Written by Steve Gillmor, Contributor
Marc Canter bought me dinner last night. Does that mean I'm pimping Marqui now? Guess it does.
Marc then sprinted back to the hotel for an 8:30 Birds of a Feather session where Dick Hardt finally had enough time (and a persistent questioner) to explain both the mechanics and the business models of his sxip identity scheme. It's an elegant solution that just needs a first mover in the portal space to gain enough traction to allow Microsoft's Kim Cameron to get past the Allchin Barrier and do the right thing not just for the Web community but for Microsoft itself.
Disclaimer: my tendency to lay all Microsoft strategic decisions and lack thereof at Jim Allchin's feet is purely my opinion and not the opinion or policy of any employer, partner, friend, or associate, except of course unless they are smart enough to agree with me.)
The Identity Gaggle will continue without me at Esther Dyson's PC Forum, and then on a future Gillmor Gang.

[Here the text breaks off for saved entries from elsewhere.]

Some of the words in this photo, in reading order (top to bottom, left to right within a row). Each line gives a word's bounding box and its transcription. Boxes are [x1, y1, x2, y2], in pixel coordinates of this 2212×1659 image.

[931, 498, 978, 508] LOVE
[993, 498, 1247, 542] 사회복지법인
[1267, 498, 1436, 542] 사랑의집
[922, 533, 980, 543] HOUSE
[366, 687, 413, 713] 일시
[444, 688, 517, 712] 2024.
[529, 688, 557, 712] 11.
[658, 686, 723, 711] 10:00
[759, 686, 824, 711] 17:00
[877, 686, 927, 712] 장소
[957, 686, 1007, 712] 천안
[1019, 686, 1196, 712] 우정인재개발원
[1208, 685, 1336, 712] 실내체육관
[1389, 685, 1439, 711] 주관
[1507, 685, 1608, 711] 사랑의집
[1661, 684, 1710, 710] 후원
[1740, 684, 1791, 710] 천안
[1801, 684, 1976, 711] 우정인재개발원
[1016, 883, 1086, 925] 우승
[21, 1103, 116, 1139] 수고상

After the BOF, I wandered over to a Microsoft Research soiree and finally had the great pleasure of meeting Dare Obasanjo, who has single-handedly maintained Microsoft credibility in the RSS community (again, just my opinion) by crossing party lines to favor not fixing things that aren't broken. We dove deep on Dare's concerns about attention, interrupted only by a heads-up about Yahoo's 360 plans in blogging and social networking (Dare is now in the MSN Spaces group.) I'd now peg him as 90% of the way there on attention.xml or some equivalent, up from 50-50 at the start of the conversation. Looking forward to hearing about the ideas he said were percolating as he opened up to my "vision" if not completely the implementation. As Adam Bosworth says, whether it's specifically attention.xml or some more ad hoc and organic version doesn't matter.

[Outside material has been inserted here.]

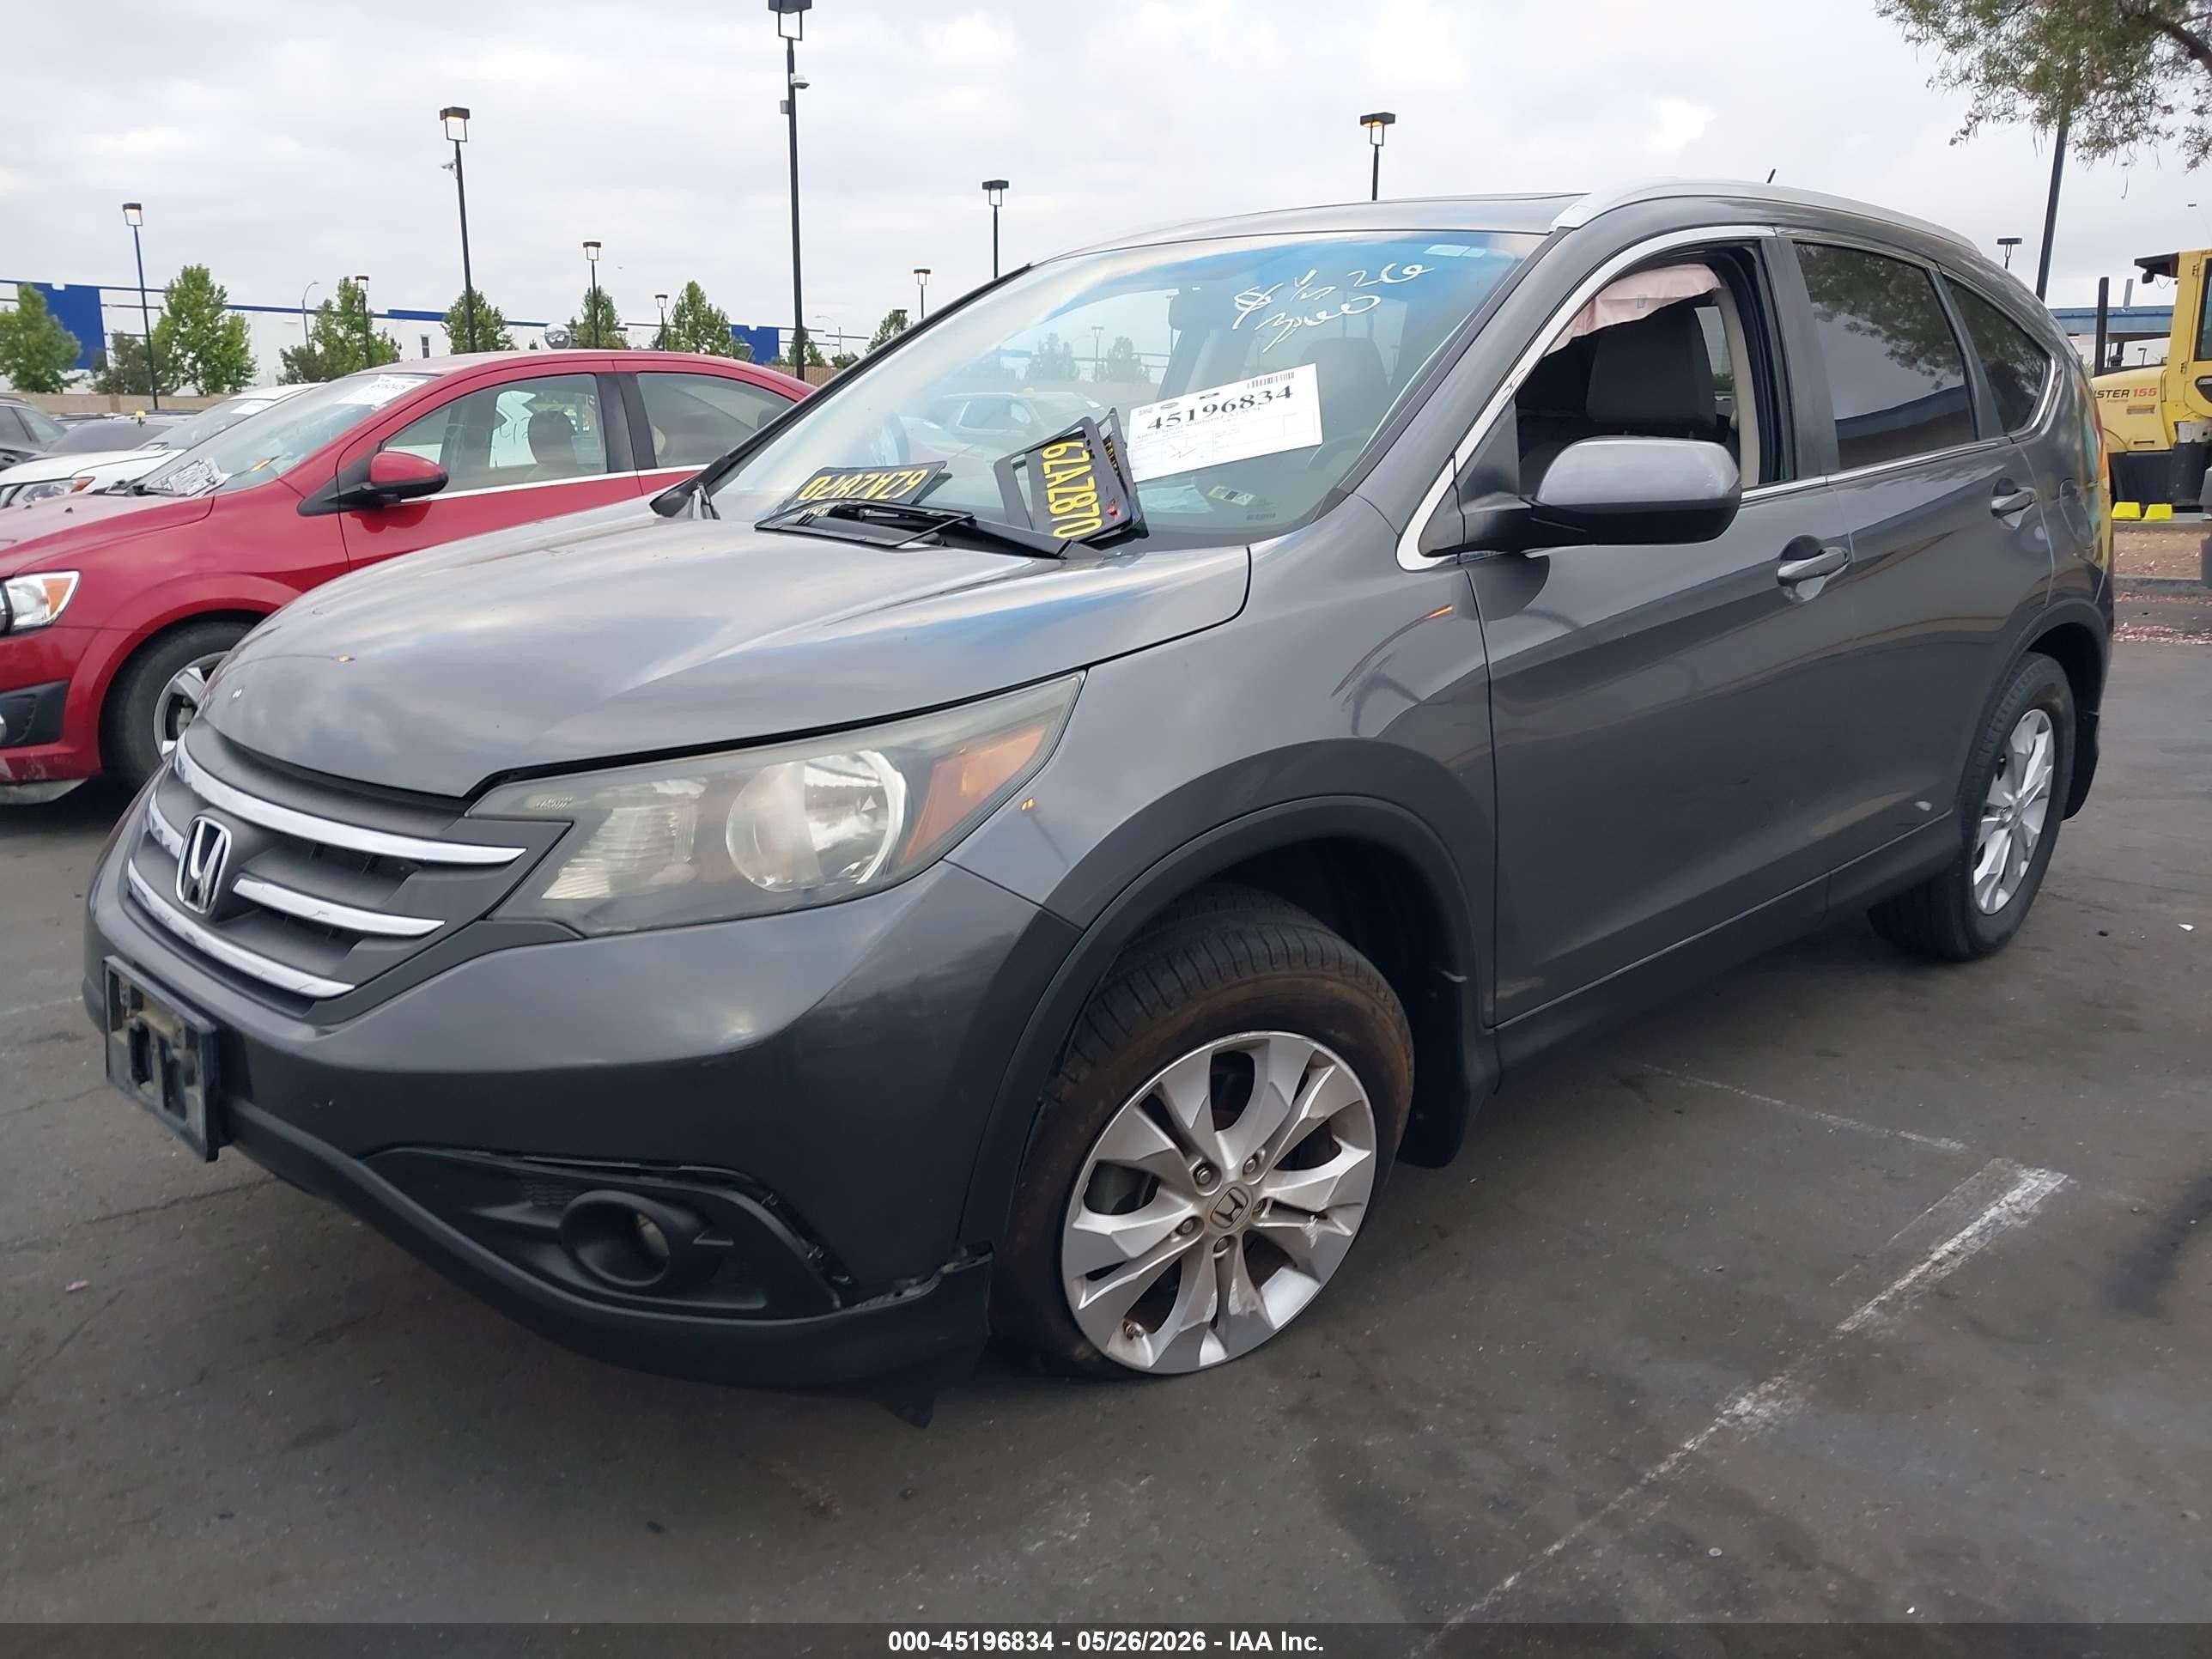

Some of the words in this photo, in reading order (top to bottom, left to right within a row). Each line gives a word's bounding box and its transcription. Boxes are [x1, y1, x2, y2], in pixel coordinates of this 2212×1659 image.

[2094, 389, 2130, 398] STER
[2133, 387, 2157, 398] 155
[1147, 385, 1293, 430] 45196834

I can share less of my conversations here in San Diego with Bosworth, Brendan Eich, Marc Andreesen, Doc Searls, and others about an attention-related project I'm developing with Hank Barry, but progress is being made. I can share all 45 plus minutes of my conversation with Bob Frankston as soon as Dan Farber uploads the recording to my enclosure feed. Be warned: the clarity of Bob's comments was unexpected, and, frankly, a little unnerving.
Back later.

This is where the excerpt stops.